Pee India Pee!

How many times have you seen ugly looking wall, a potential toilet for the passers-by, painted with even uglier paint that says, “Gadhe ke puut, yahan na muut” (Son of a donkey, don’t pee here. By the way sounds more intriguing in Hindi)? Uncountable, Right?

I can’t help but to think do we people really have a weak bladder? Or India has a scarcity of ‘Public Washrooms’? Or the time taken by heavy traffic defeats the average time for which a man can hold his liquid together?

I am not one among the people who stains (public) wall for free but looking at their miserable conditions, I bet there must be many.

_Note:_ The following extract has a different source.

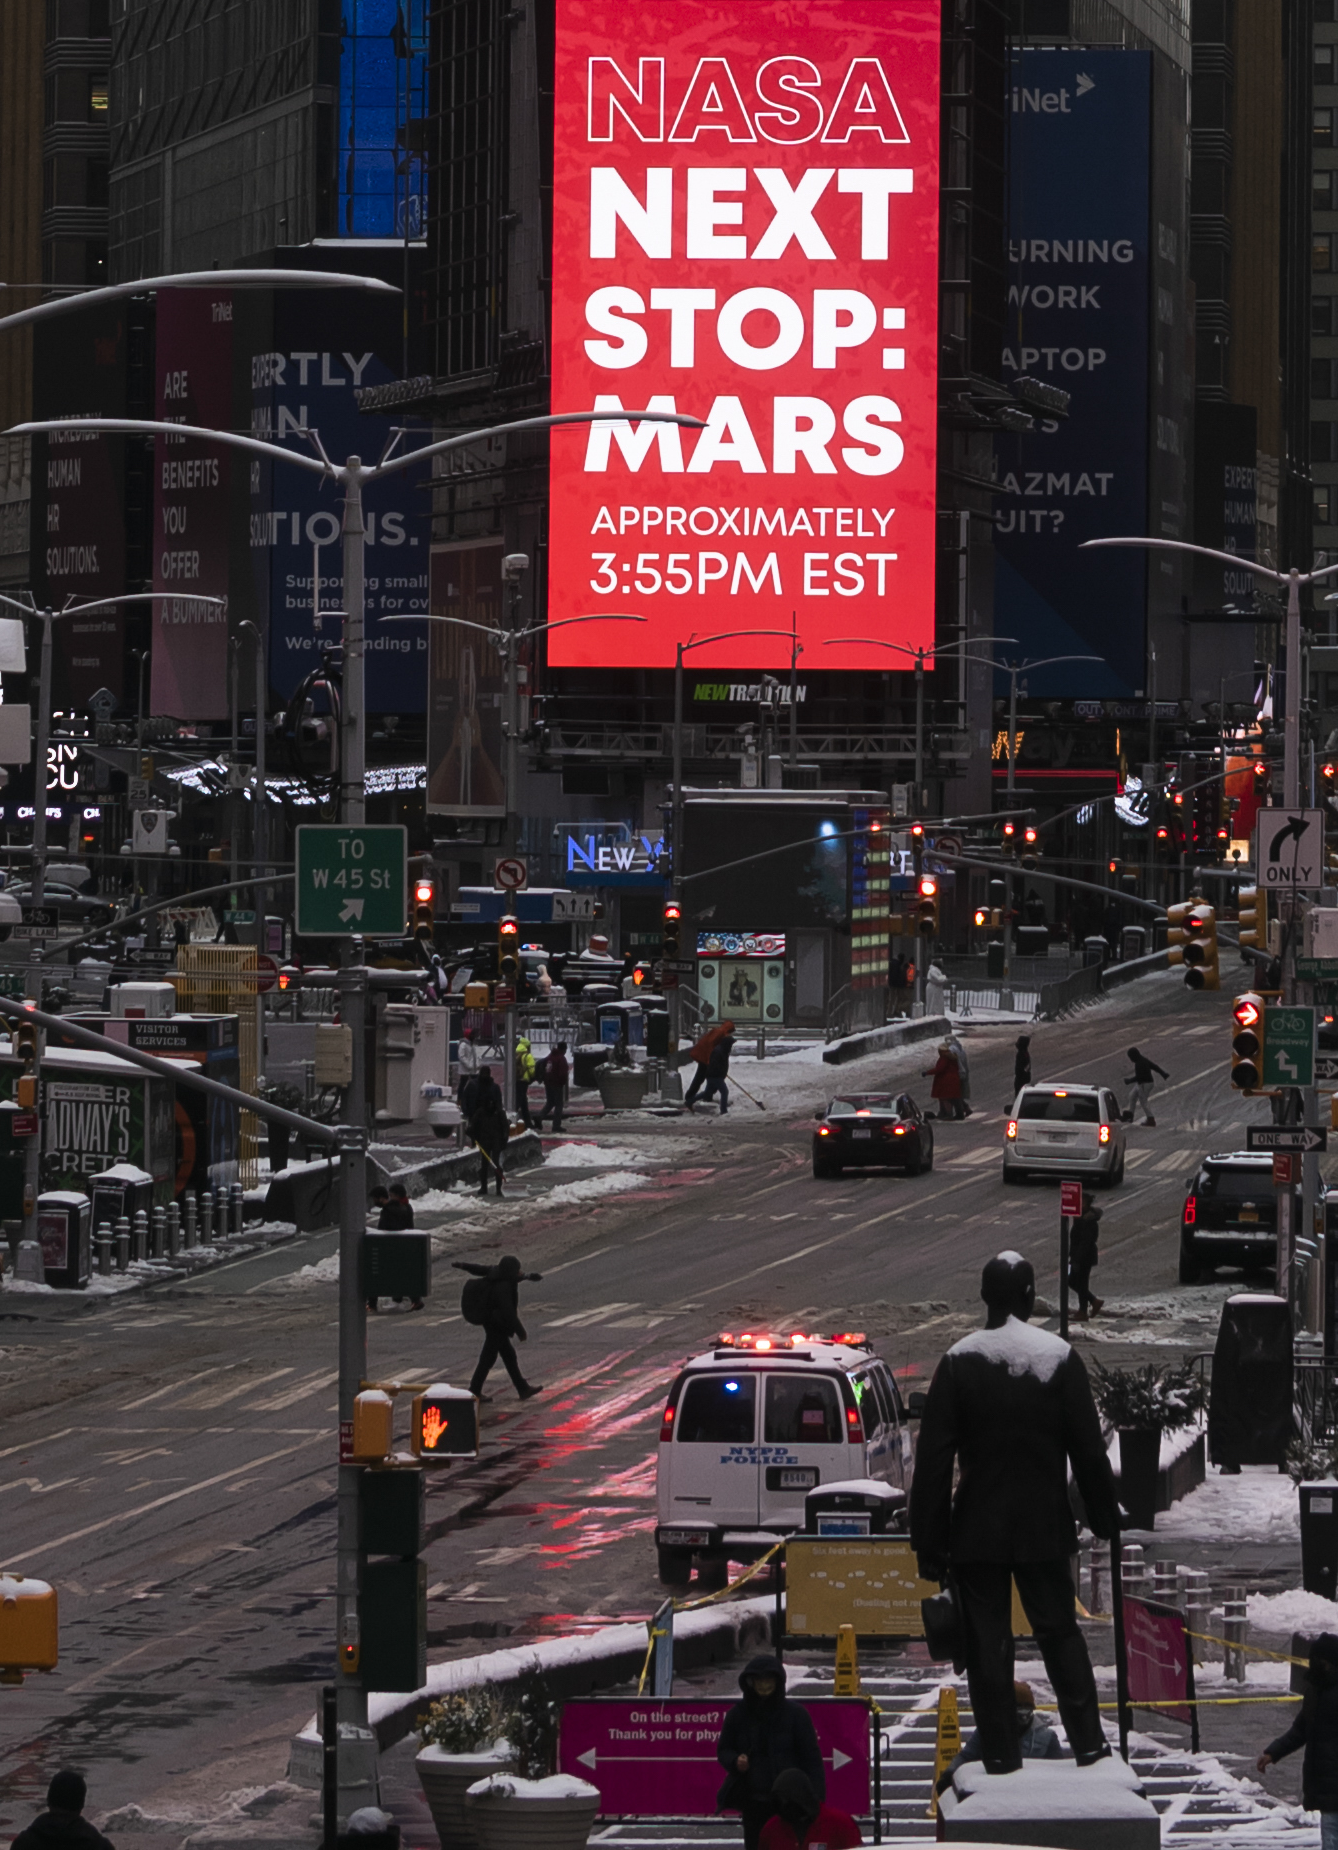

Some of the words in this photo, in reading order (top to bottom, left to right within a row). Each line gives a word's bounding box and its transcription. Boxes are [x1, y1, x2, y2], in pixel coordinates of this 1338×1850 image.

What kind of a place serves as a perfect spot to save your bladder from bursting itself out of pressure of a liquid nitrogenous waste? The answer is blatantly present everywhere. A relatively deserted place, out of the focus of eyes looking straight, a few complementary dogs, ill-structured shops and houses that are constituting the wall and few fellow people already doing what you intend to do manifesting the legitimacy of the act at that place. The corners are as preferred as lower seats in a typical sleeper coach of Indians trains but the catch is, you can never be sure of getting it. Although there is no rule book or any law defining where the people can or can’t pee, few have taken a stand condemning atrocities against wall that has by no stretch meant for public use. The clear example was in the very first paragraph. One more common example is “Look, a donkey is peeing…” Ironically, the paint itself make the wall dirtier and hardly does this paint pay any dividend. 29% of the males in India are illiterate so whatever written on the wall hardly makes any sense to them. So, they end up peeing on that very same spot where these golden words are inscribed.

Let’s talk about the other 71%. Many of them do not actually prefer using these unofficial public toilets. May be because of derogatory remarks painted on the wall, or may be but very unlikely due to a concern for degrading beauty of city.

Due to absence of any mechanism that would predict how likely a man is to pee at a certain place renders it impossible to construct these washrooms through a perfect planned way. So, the only change in status quo can germinate with the arrival of ‘YOU’ people in the scene. (Although I am quite sure the people who should read this are not reading this).

My fellow people! hold on a bit, drive slow but not that slow which will compel you to search a ‘relatively deserted place’, and Pee with pride at your home.